Fieke van der Lecq: ‘Veel bestuurders denken bij pensioenen: 'moeilijk'
15-12-2021 | Interviewer: Rajish Sagoenie | Auteur: Angelo van Leemput | Beeld: Joke Schut
Als hoogleraar pensioenmarkten aan de Vrije Universiteit Amsterdam is ze op de hoogte van de ins en outs. En als kroonlid van de Sociaal-Economische Raad (SER) stond ze aan de basis van de voorgenomen wijziging van het pensioenstelsel. Al in 2016 leverde ze vanuit de SER ‘een prototype’ van de nieuwe regeling. Inmiddels zijn er twee nieuwe regelingen in de maak. Maar voordat die nieuwe regelingen van kracht zijn – de geplande implementatiedatum is inmiddels verschoven naar 2027 – moet er nog veel werk worden verricht. Door de politiek, de pensioenfondsen en -uitvoerders en door de sociale partners. Maar ook door cfo’s, chro’s en HR-managers.
Fieke van der Lecq zelf is met haar denkwerk alweer een decennium verder dan 2027. Ze leidde afgelopen zomer een groepsstudie naar het pensioenlandschap in Nederland van na 2036. Over het nieuwe stelsel is ze tamelijk enthousiast. ‘Ik denk dat het prettig is dat er iets te kiezen is. Ik zie het als een voordeel dat er twee duidelijk herkenbare smaken zijn.’ Ze ziet een analogie met auto’s: ‘Je kunt op benzine rijden of je rijdt elektrisch. Ik hoop dat het zoiets ook gaat worden bij pensioenen.’ Van der Lecq gaat in gesprek met Rajish Sagoenie, partner en actuaris AG van consultancybureau Milliman Pensioenen, die onlangs in Management Scope nog een gepassioneerde oproep deed aan bedrijven om zelf meer de regie te pakken.
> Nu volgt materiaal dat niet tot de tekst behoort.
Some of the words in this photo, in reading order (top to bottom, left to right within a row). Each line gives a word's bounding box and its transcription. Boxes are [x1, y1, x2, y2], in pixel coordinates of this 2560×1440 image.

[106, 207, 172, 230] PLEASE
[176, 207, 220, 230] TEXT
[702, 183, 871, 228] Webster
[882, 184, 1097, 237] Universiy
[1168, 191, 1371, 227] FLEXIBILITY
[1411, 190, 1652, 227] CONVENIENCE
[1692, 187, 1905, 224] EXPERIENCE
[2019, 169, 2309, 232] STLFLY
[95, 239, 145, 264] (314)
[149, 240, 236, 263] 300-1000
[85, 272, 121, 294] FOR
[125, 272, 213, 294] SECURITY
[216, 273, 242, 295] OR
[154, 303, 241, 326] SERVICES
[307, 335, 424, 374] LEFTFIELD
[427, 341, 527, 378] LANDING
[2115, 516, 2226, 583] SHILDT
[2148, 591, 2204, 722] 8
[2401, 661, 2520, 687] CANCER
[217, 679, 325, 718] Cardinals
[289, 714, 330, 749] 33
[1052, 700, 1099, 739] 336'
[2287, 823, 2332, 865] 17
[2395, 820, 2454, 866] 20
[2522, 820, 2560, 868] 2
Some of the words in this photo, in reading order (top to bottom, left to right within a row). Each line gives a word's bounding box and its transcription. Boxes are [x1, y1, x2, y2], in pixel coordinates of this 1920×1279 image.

Neem ons eerst eens mee naar de geschiedenis van de voorgenomen wijziging in pensioenland. U was daar als kroonlid van de SER nauw bij betrokken. Kunt u terughalen wat de belangrijkste reden was voor de wijziging?
‘Toen ik kroonlid van de SER was, heb ik inderdaad een werkgroep mogen leiden die een prototype van de nieuwe regeling heeft gemaakt. Dat hebben we gedaan naar aanleiding van de input uit de brede maatschappelijke discussie die toenmalig staatssecretaris van Sociale Zaken Jetta Klijnsma heeft geïnitieerd. Daaruit kwam al naar voren dat de arbeidsmarkt sterk in ontwikkeling was. Vroeger werkten mensen hun leven lang voor één baas. Dat was aan het schuiven. Sterker, mensen wisselden niet alleen steeds vaker van baas, maar zelfs ook van bedrijfstak.
Een andere trend was dat we in de maatschappij steeds meer individualisering zagen. Verder was er een demografische transitie – dat wil zeggen dat onder meer de vergrijzing toenam – en we zagen de rendementen op de financiële markten teruglopen. Die vier, vijf grote trends zorgden voor de macro-economische context. De pensioenen sloten daar steeds minder goed op aan.’
Daar kwam bij dat het vertrouwen in het pensioen onder druk stond...
‘Ja, het vertrouwen was nogal beschadigd. Vooral omdat pensioenen uiteindelijk niet brachten wat mensen ervan verwachtten. Of dat nu lag aan degenen die de beloftes deden, of aan de ontvanger van die beloften – tja, daar kun je lang over discussiëren. Maar hoe dan ook, er was veel teleurstelling. En daardoor stond het vertrouwen in het stelsel onder druk. Ook dat telde inderdaad mee.’
Kan dat vertrouwen wat u betreft met het nieuwe stelsel worden hersteld?
‘Dat denk ik wel. Het pensioen wordt straks inzichtelijker. Iedereen krijgt meer en betere inzage in hoe zijn of haar pensioen eruit komt te zien en wat ermee gedaan wordt. Ik denk dat onder de nieuwe regelingen het verwachtingsmanagement beter te realiseren is. Ik hoor mensen vaak klagen dat de nieuwe regeling moeilijk uit te leggen is, maar ik kan u verzekeren: de huidige regeling is veel moeilijker uit te leggen. Straks wordt het makkelijker uitlegbaar, zonder dat je meteen alle details onder de motorkap hoeft te snappen.’
Er komen straks op hoofdlijnen twee smaken in het nieuwe stelsel: het solidaire pensioencontract (SPC) en het flexibele pensioencontract (FPC). Bij de een ligt de nadruk wat meer op solidariteit, bij de ander wat meer op individuele keuzes. Moeten werkgevers daar nu al mee aan de slag?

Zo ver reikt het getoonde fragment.